Dr. Raphael Ritson-Williams building coral settlement chambers while looking out over Kāneʻohe Bay.  Photos: Hollie Putnam

After the corals released their offspring, the larvae were placed in the chambers with tiles for them to settle on. Settlement and survivorship was measured after several days and then the tiles were tagged, and the new corals were mapped and tracked for 6 months.
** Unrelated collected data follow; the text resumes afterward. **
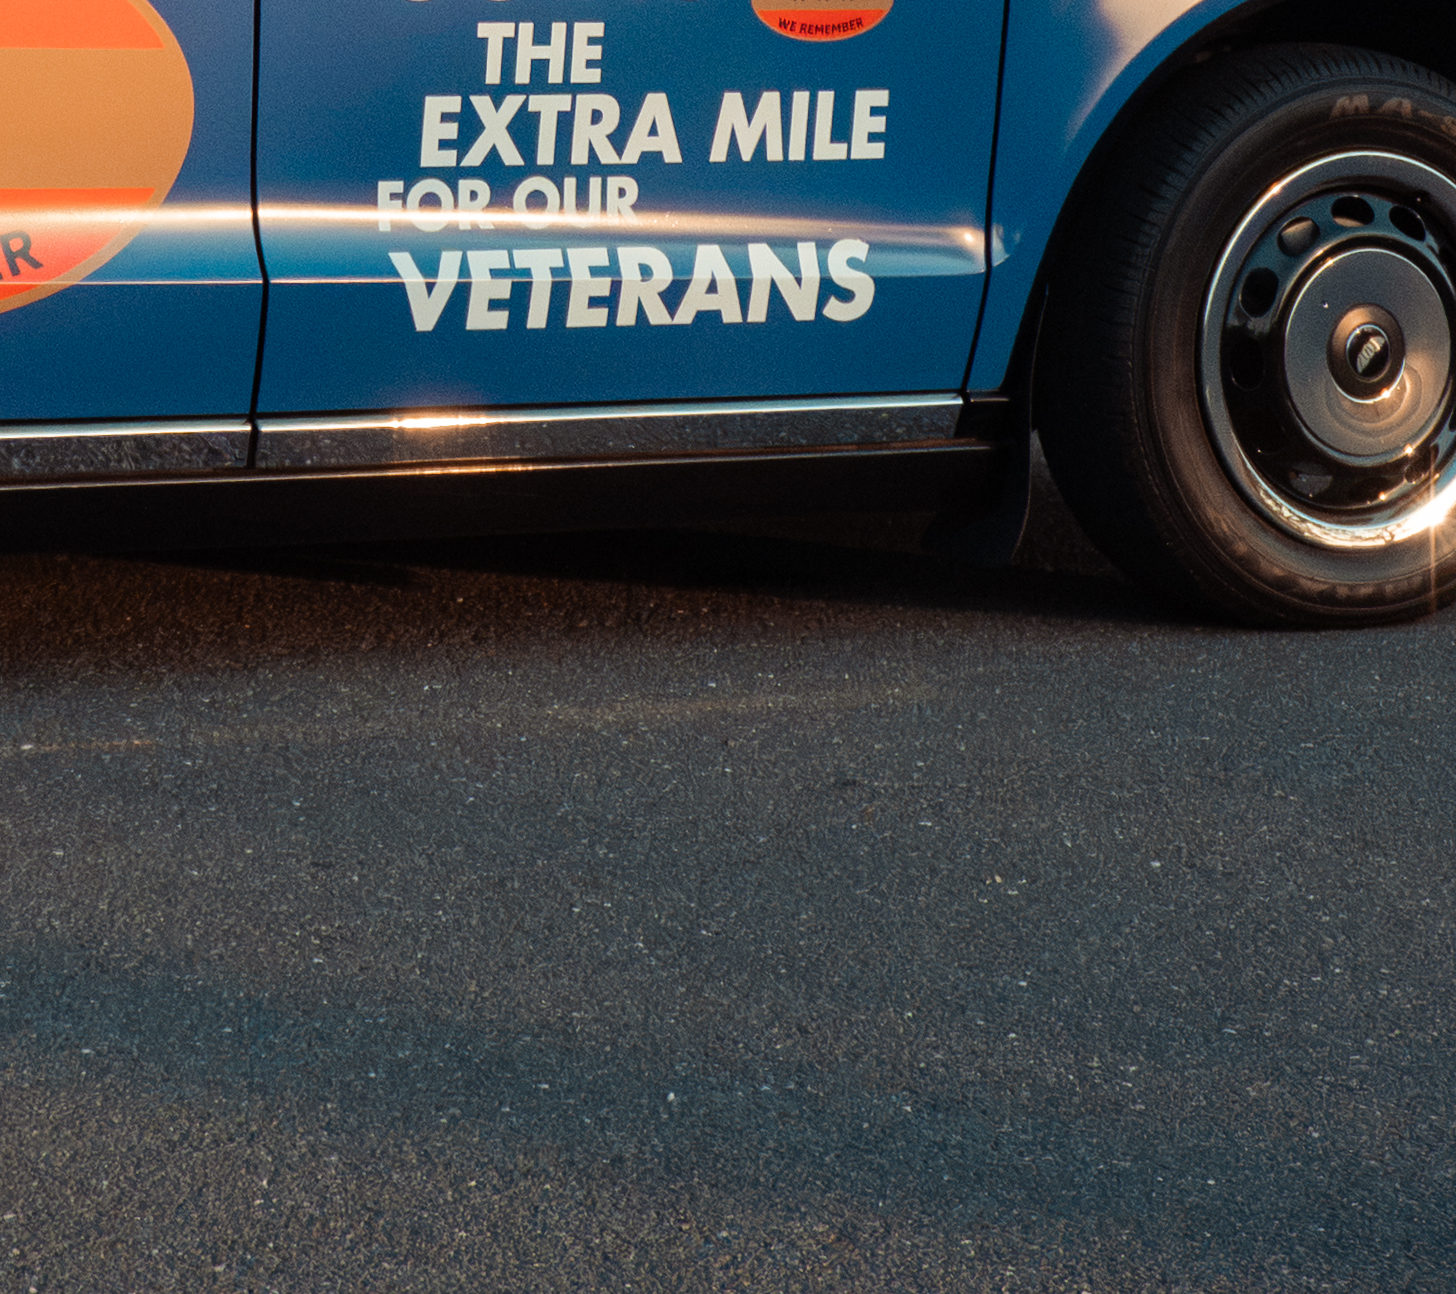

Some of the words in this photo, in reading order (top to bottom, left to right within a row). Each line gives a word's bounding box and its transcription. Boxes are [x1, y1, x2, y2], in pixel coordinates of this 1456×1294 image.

[477, 21, 605, 85] THE
[778, 17, 796, 32] WE
[800, 17, 864, 35] REMEMBER
[420, 94, 683, 167] EXTRA
[709, 89, 889, 163] MILE
[377, 178, 495, 232] FOR
[512, 176, 641, 229] OUR
[388, 239, 876, 332] VETERANS
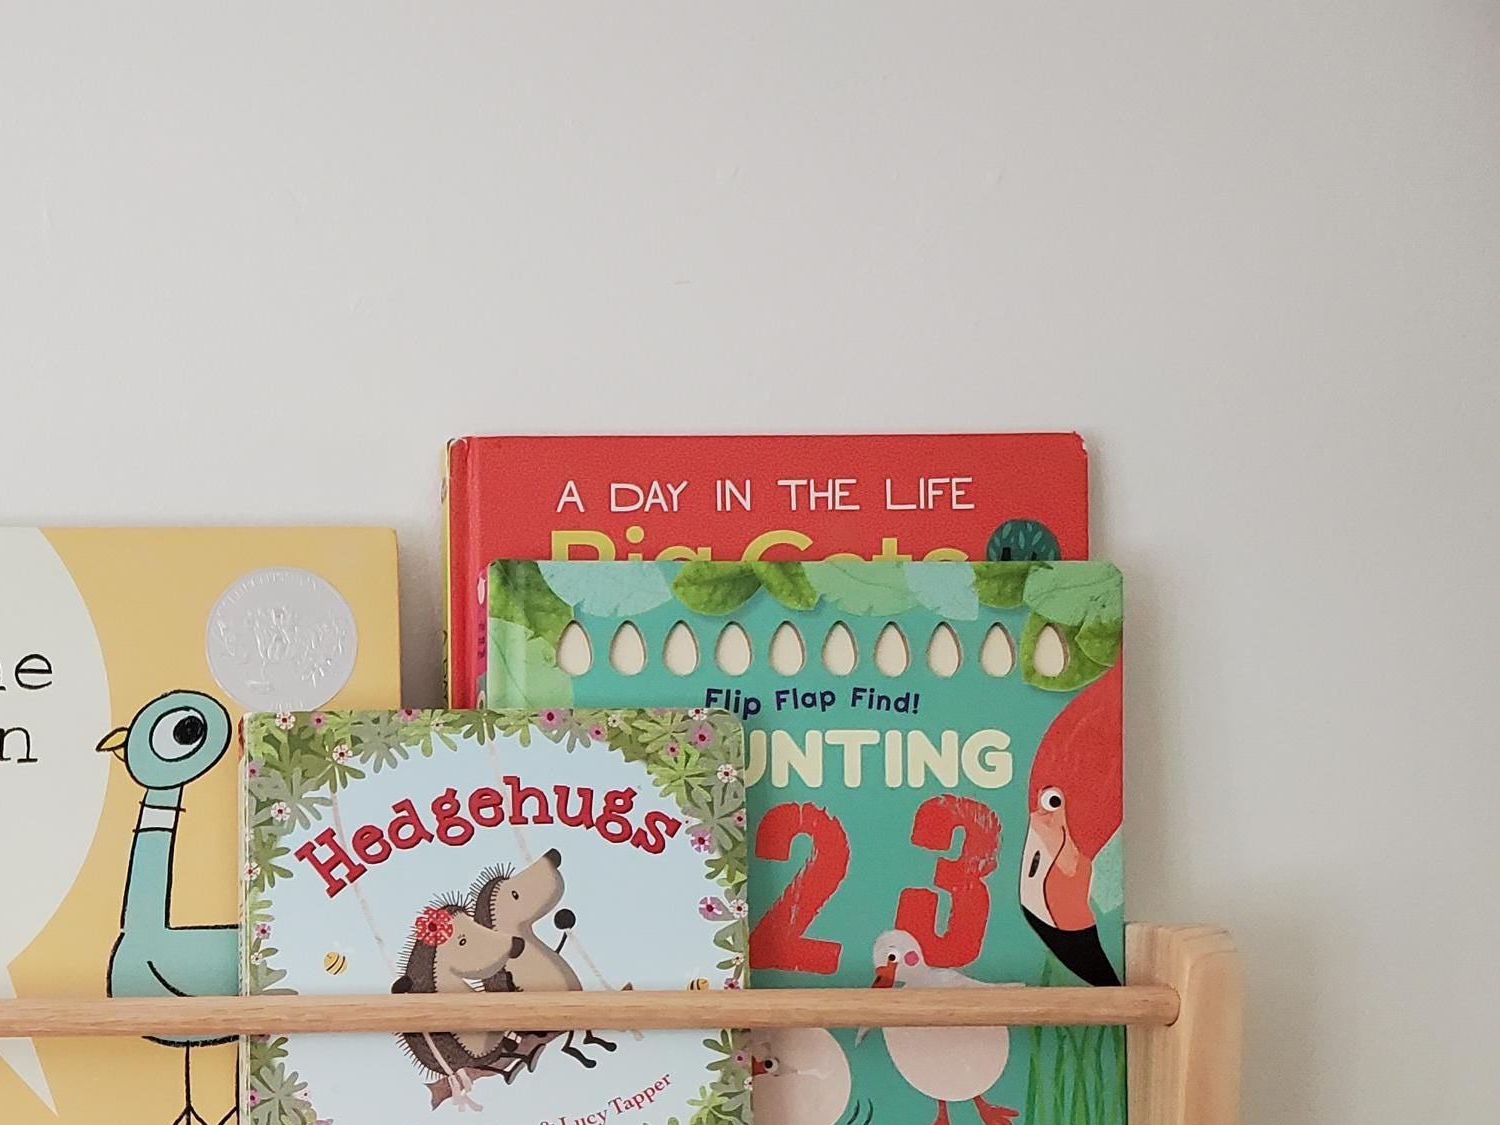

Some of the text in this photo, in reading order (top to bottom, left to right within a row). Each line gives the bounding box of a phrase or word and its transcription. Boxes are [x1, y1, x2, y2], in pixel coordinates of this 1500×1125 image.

[557, 478, 974, 512] A DAY IN THE LIFE
[705, 687, 920, 720] Flip Flap Find!
[295, 776, 681, 897] Hedgehugs
[749, 794, 1002, 974] 2 3
[611, 1073, 671, 1116] Tapper
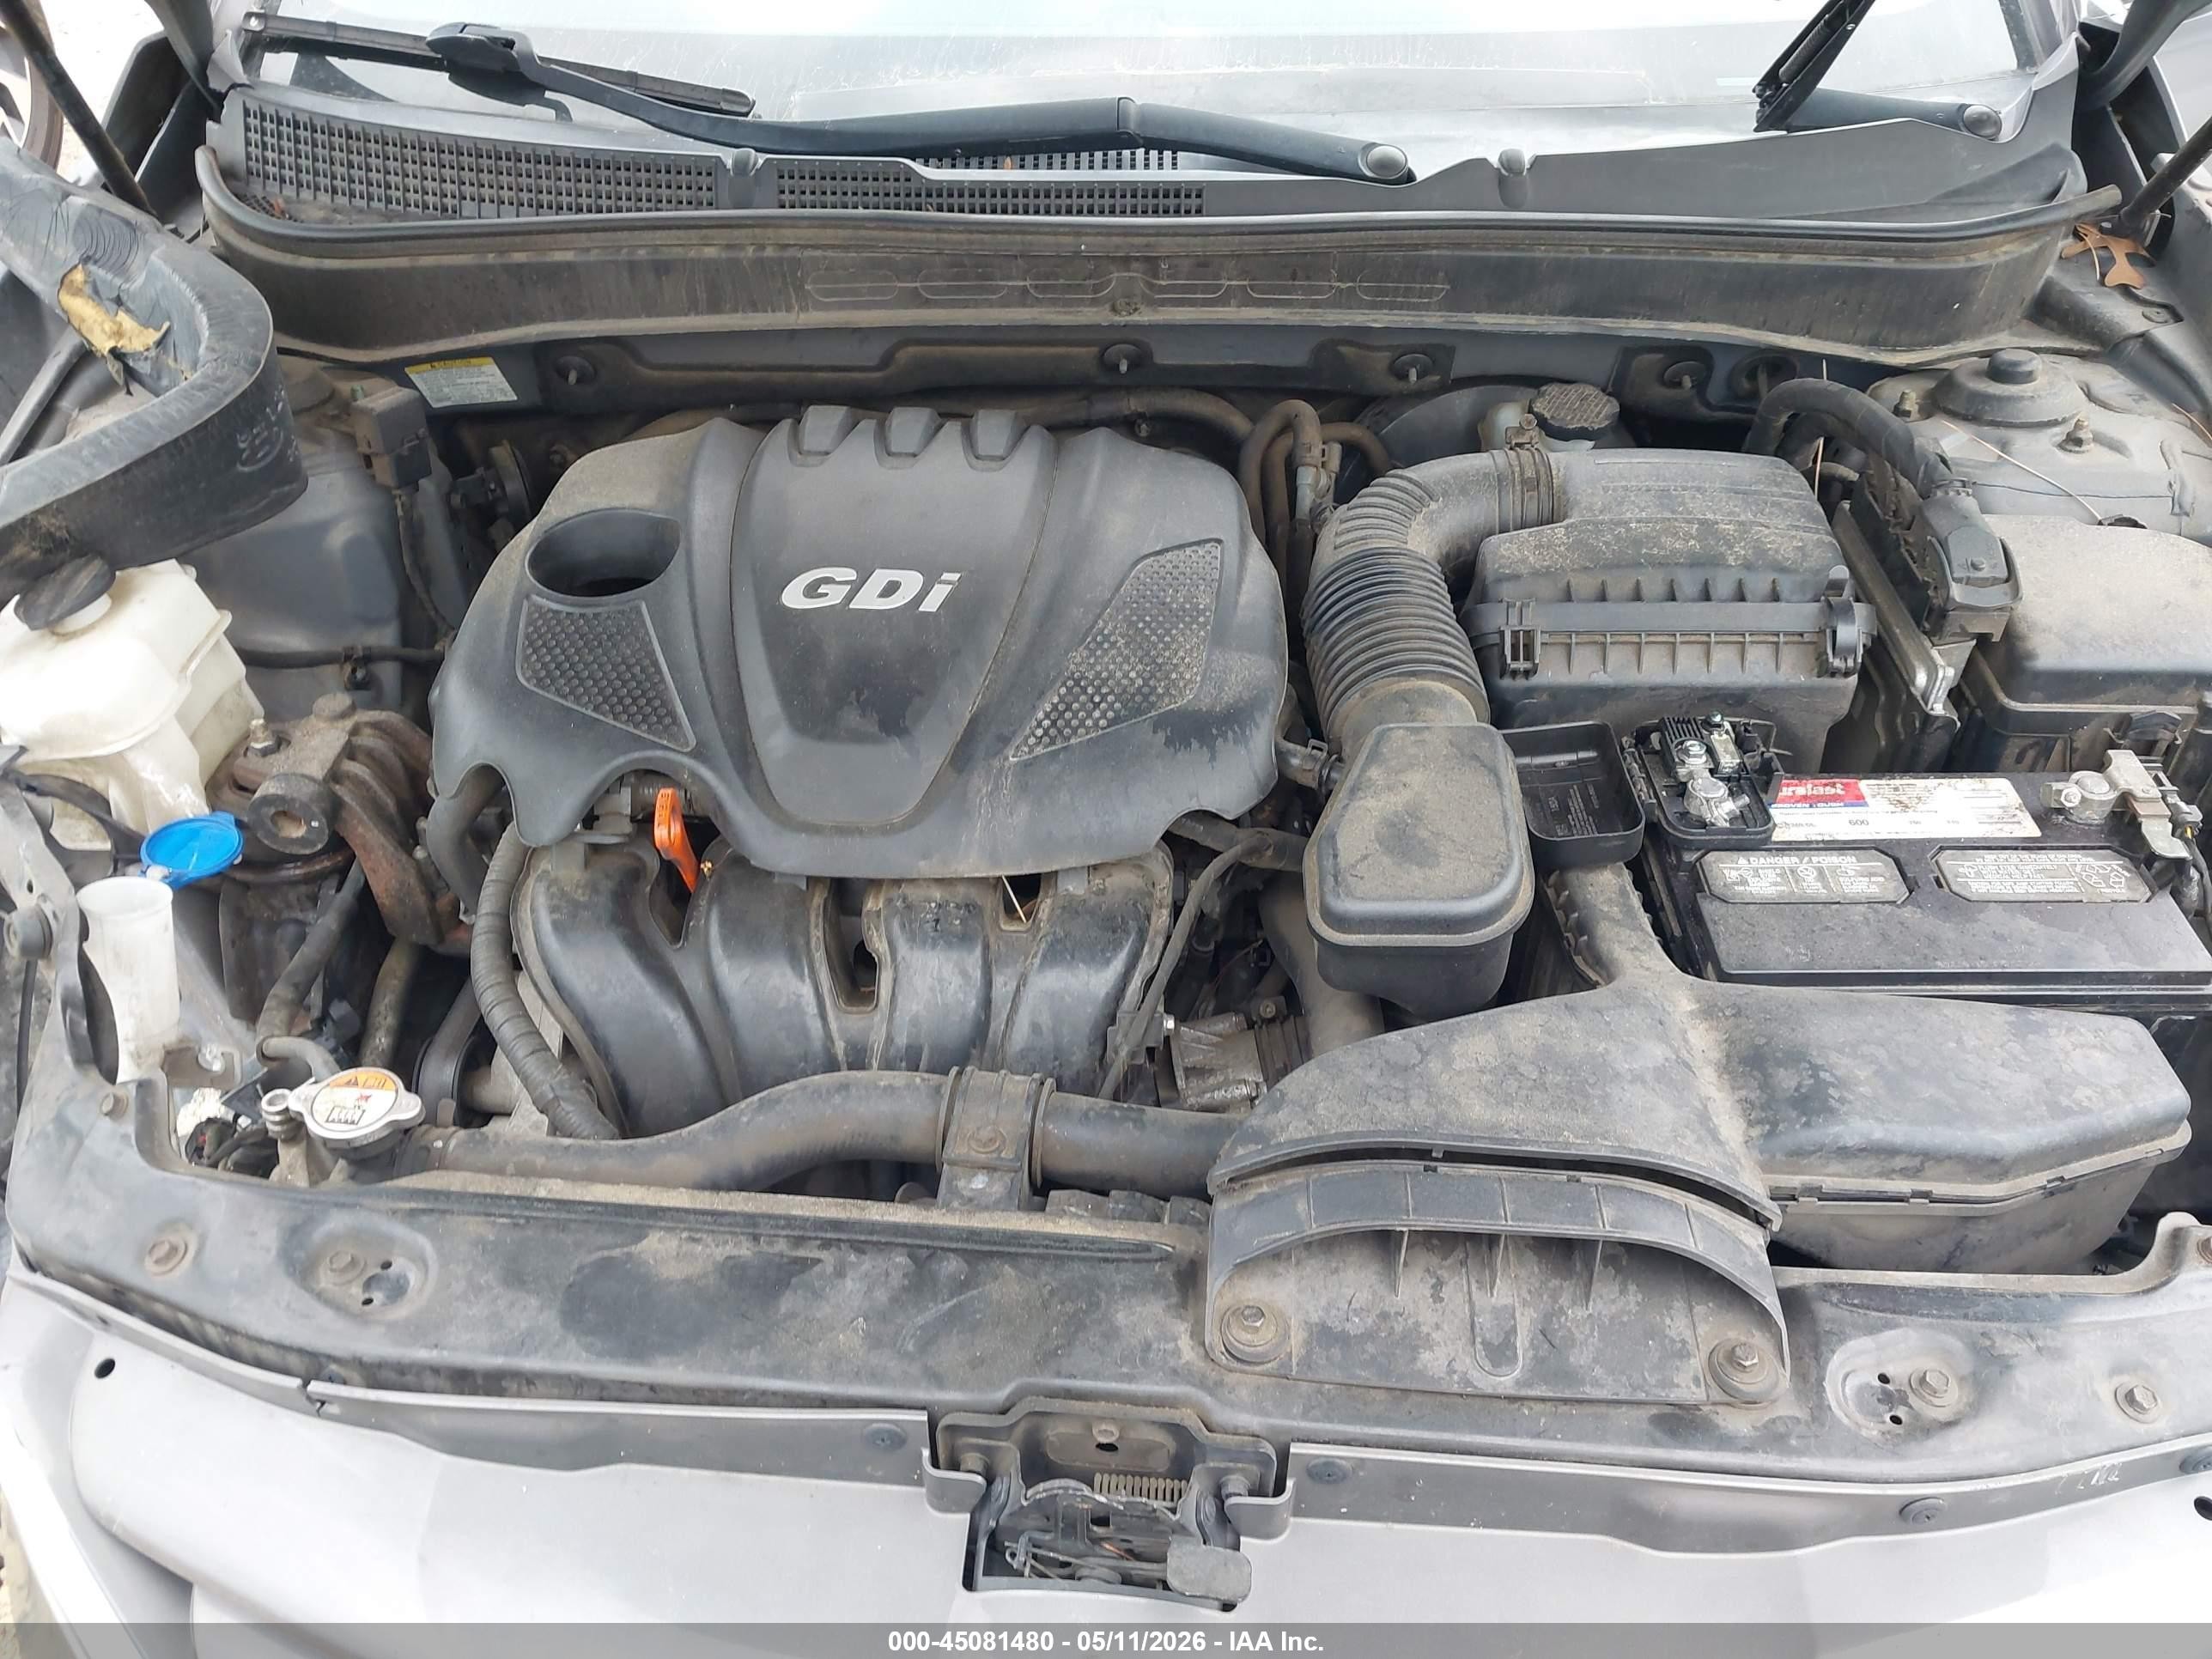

Loading coral settlement chambers and deploying them into treatment followed by tracking each new coral settled on the tiles under ambient and low pH conditions. Black arrows point to coral larvae visible in a chamber.  Photos: Hollie Putnam

As hypothesized, parental conditioning to the low pH benefited the coral offspring. Not only did more of them settle and survive up through the first month, but they also grew to larger sizes if their parents were stressed. This parental or developmental carry over provides a buffer against stressful conditions at the earliest stages, which can help more corals to recruit into the population, grow faster to minimize mortality from competition or predation, and thereby enhance reef resilience. 

Pocillopora coral larvae expanding their tentacles in the light.  Videos: Hollie Putnam

Through this project, I am able to see the metaphorical parallels between conditioning in corals and conditioning for life. Our experiences truly do influence us. Those that come before, can contribute to our success by anticipating our future challenges and through their training and encouragement prepare us to face those challenges. I was so privileged to have worked with Dr. Ruth Gates for 10 years. This paper represents our last active project before her passing.  I know I speak for myself and many others when I say our mentors and our sponsors matter!  Ruth prepared us, she encouraged us, and she supported us.  Not only has this project generated data on another piece of the complex puzzle that is coral reef resilience, but it also has reminded me to channel my mentor in the ongoing and challenging work to better prepare and support each new generation of scientists, and in this way enhance and improve the quality of the academic system.

 Photos: Hollie Putnam and Robin Burton-Gates

We dedicate this work to our dear friend, colleague, and mentor, the irreplaceable Dr. Ruth D. Gates.